===== Source material

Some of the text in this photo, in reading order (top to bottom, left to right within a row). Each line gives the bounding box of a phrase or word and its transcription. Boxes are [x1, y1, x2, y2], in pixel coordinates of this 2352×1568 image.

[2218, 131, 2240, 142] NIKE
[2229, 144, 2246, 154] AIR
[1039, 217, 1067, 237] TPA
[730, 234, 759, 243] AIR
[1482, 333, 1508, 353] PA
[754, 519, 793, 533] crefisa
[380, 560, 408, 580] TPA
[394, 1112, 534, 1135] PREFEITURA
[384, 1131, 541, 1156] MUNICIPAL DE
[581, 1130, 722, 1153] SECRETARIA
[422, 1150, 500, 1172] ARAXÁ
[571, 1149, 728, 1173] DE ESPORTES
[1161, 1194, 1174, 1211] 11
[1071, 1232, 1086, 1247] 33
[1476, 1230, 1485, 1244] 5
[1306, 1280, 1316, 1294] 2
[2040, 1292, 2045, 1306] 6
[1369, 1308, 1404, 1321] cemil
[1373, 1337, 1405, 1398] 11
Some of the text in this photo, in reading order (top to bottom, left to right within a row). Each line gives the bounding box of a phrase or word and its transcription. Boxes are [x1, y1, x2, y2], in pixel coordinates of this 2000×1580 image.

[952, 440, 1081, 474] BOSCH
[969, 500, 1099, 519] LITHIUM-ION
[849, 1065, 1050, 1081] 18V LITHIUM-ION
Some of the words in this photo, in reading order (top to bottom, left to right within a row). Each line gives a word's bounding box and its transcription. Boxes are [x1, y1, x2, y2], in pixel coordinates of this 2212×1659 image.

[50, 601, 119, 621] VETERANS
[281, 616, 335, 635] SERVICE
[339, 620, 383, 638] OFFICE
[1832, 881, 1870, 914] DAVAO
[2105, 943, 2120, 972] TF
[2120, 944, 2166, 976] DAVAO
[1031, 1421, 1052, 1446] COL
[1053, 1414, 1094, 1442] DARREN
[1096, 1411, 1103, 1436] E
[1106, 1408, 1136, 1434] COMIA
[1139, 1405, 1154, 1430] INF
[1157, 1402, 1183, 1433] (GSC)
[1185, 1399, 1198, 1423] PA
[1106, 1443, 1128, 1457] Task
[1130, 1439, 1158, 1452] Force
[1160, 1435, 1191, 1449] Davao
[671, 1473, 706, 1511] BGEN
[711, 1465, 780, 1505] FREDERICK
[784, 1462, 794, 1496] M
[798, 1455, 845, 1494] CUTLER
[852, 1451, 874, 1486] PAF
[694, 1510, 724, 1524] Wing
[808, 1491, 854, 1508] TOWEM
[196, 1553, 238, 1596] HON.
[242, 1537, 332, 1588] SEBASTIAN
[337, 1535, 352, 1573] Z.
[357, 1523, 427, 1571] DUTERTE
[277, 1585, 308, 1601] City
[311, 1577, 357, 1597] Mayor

==========

Copy every line of the material, please, keeping it exactly the same.

Some of the text in this photo, in reading order (top to bottom, left to right within a row). Each line gives the bounding box of a phrase or word and its transcription. Boxes are [x1, y1, x2, y2], in pixel coordinates of this 2352×1568 image.

[2218, 131, 2240, 142] NIKE
[2229, 144, 2246, 154] AIR
[1039, 217, 1067, 237] TPA
[730, 234, 759, 243] AIR
[1482, 333, 1508, 353] PA
[754, 519, 793, 533] crefisa
[380, 560, 408, 580] TPA
[394, 1112, 534, 1135] PREFEITURA
[384, 1131, 541, 1156] MUNICIPAL DE
[581, 1130, 722, 1153] SECRETARIA
[422, 1150, 500, 1172] ARAXÁ
[571, 1149, 728, 1173] DE ESPORTES
[1161, 1194, 1174, 1211] 11
[1071, 1232, 1086, 1247] 33
[1476, 1230, 1485, 1244] 5
[1306, 1280, 1316, 1294] 2
[2040, 1292, 2045, 1306] 6
[1369, 1308, 1404, 1321] cemil
[1373, 1337, 1405, 1398] 11
Some of the text in this photo, in reading order (top to bottom, left to right within a row). Each line gives the bounding box of a phrase or word and its transcription. Boxes are [x1, y1, x2, y2], in pixel coordinates of this 2000×1580 image.

[952, 440, 1081, 474] BOSCH
[969, 500, 1099, 519] LITHIUM-ION
[849, 1065, 1050, 1081] 18V LITHIUM-ION
Some of the words in this photo, in reading order (top to bottom, left to right within a row). Each line gives a word's bounding box and its transcription. Boxes are [x1, y1, x2, y2], in pixel coordinates of this 2212×1659 image.

[50, 601, 119, 621] VETERANS
[281, 616, 335, 635] SERVICE
[339, 620, 383, 638] OFFICE
[1832, 881, 1870, 914] DAVAO
[2105, 943, 2120, 972] TF
[2120, 944, 2166, 976] DAVAO
[1031, 1421, 1052, 1446] COL
[1053, 1414, 1094, 1442] DARREN
[1096, 1411, 1103, 1436] E
[1106, 1408, 1136, 1434] COMIA
[1139, 1405, 1154, 1430] INF
[1157, 1402, 1183, 1433] (GSC)
[1185, 1399, 1198, 1423] PA
[1106, 1443, 1128, 1457] Task
[1130, 1439, 1158, 1452] Force
[1160, 1435, 1191, 1449] Davao
[671, 1473, 706, 1511] BGEN
[711, 1465, 780, 1505] FREDERICK
[784, 1462, 794, 1496] M
[798, 1455, 845, 1494] CUTLER
[852, 1451, 874, 1486] PAF
[694, 1510, 724, 1524] Wing
[808, 1491, 854, 1508] TOWEM
[196, 1553, 238, 1596] HON.
[242, 1537, 332, 1588] SEBASTIAN
[337, 1535, 352, 1573] Z.
[357, 1523, 427, 1571] DUTERTE
[277, 1585, 308, 1601] City
[311, 1577, 357, 1597] Mayor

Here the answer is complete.